AVAILABLE DATA:

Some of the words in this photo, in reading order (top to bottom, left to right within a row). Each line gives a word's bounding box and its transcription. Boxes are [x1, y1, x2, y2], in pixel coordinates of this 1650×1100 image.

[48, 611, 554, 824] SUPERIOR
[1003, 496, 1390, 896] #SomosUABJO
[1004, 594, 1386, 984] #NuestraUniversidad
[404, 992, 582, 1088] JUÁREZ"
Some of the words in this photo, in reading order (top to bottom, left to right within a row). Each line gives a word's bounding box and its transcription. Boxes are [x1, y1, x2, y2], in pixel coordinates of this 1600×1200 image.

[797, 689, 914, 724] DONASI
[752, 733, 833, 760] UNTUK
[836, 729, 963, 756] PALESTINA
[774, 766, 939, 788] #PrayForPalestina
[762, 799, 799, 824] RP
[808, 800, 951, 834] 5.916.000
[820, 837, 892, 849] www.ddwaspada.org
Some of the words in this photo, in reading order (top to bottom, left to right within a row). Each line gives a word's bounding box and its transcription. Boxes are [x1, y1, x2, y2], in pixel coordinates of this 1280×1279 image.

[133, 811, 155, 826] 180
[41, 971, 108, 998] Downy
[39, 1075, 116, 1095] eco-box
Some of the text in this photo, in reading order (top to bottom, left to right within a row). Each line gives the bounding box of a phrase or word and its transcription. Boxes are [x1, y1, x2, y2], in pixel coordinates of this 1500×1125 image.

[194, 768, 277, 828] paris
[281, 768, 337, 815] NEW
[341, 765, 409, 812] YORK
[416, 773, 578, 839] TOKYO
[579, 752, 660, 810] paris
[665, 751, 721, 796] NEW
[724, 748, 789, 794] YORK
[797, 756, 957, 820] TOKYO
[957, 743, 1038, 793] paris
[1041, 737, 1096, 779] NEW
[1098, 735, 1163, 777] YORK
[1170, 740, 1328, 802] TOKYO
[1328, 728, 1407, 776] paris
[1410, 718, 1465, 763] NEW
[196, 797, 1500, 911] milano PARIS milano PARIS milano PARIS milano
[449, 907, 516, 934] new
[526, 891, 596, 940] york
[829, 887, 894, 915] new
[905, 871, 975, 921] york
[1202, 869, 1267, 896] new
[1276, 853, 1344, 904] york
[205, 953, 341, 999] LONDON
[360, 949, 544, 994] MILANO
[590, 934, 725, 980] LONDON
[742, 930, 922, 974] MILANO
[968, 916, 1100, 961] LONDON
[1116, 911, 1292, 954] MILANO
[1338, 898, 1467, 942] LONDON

WHAT TO PRODUCE: An exact copy of the listing above is needed, so write it out again.

FINAL ANSWER:
Some of the words in this photo, in reading order (top to bottom, left to right within a row). Each line gives a word's bounding box and its transcription. Boxes are [x1, y1, x2, y2], in pixel coordinates of this 1650×1100 image.

[48, 611, 554, 824] SUPERIOR
[1003, 496, 1390, 896] #SomosUABJO
[1004, 594, 1386, 984] #NuestraUniversidad
[404, 992, 582, 1088] JUÁREZ"
Some of the words in this photo, in reading order (top to bottom, left to right within a row). Each line gives a word's bounding box and its transcription. Boxes are [x1, y1, x2, y2], in pixel coordinates of this 1600×1200 image.

[797, 689, 914, 724] DONASI
[752, 733, 833, 760] UNTUK
[836, 729, 963, 756] PALESTINA
[774, 766, 939, 788] #PrayForPalestina
[762, 799, 799, 824] RP
[808, 800, 951, 834] 5.916.000
[820, 837, 892, 849] www.ddwaspada.org
Some of the words in this photo, in reading order (top to bottom, left to right within a row). Each line gives a word's bounding box and its transcription. Boxes are [x1, y1, x2, y2], in pixel coordinates of this 1280×1279 image.

[133, 811, 155, 826] 180
[41, 971, 108, 998] Downy
[39, 1075, 116, 1095] eco-box
Some of the text in this photo, in reading order (top to bottom, left to right within a row). Each line gives the bounding box of a phrase or word and its transcription. Boxes are [x1, y1, x2, y2], in pixel coordinates of this 1500×1125 image.

[194, 768, 277, 828] paris
[281, 768, 337, 815] NEW
[341, 765, 409, 812] YORK
[416, 773, 578, 839] TOKYO
[579, 752, 660, 810] paris
[665, 751, 721, 796] NEW
[724, 748, 789, 794] YORK
[797, 756, 957, 820] TOKYO
[957, 743, 1038, 793] paris
[1041, 737, 1096, 779] NEW
[1098, 735, 1163, 777] YORK
[1170, 740, 1328, 802] TOKYO
[1328, 728, 1407, 776] paris
[1410, 718, 1465, 763] NEW
[196, 797, 1500, 911] milano PARIS milano PARIS milano PARIS milano
[449, 907, 516, 934] new
[526, 891, 596, 940] york
[829, 887, 894, 915] new
[905, 871, 975, 921] york
[1202, 869, 1267, 896] new
[1276, 853, 1344, 904] york
[205, 953, 341, 999] LONDON
[360, 949, 544, 994] MILANO
[590, 934, 725, 980] LONDON
[742, 930, 922, 974] MILANO
[968, 916, 1100, 961] LONDON
[1116, 911, 1292, 954] MILANO
[1338, 898, 1467, 942] LONDON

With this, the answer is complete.